● MATERIAL PROVIDED:

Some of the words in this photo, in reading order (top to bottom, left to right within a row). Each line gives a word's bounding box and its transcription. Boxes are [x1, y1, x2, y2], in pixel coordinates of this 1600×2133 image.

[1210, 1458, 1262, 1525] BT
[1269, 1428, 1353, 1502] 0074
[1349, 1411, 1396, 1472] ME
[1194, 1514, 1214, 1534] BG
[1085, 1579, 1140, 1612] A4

● ASSIGNED TASK: Please repeat the data above verbatim, all of it.

● FINISHED EXERCISE:
Some of the words in this photo, in reading order (top to bottom, left to right within a row). Each line gives a word's bounding box and its transcription. Boxes are [x1, y1, x2, y2], in pixel coordinates of this 1600×2133 image.

[1210, 1458, 1262, 1525] BT
[1269, 1428, 1353, 1502] 0074
[1349, 1411, 1396, 1472] ME
[1194, 1514, 1214, 1534] BG
[1085, 1579, 1140, 1612] A4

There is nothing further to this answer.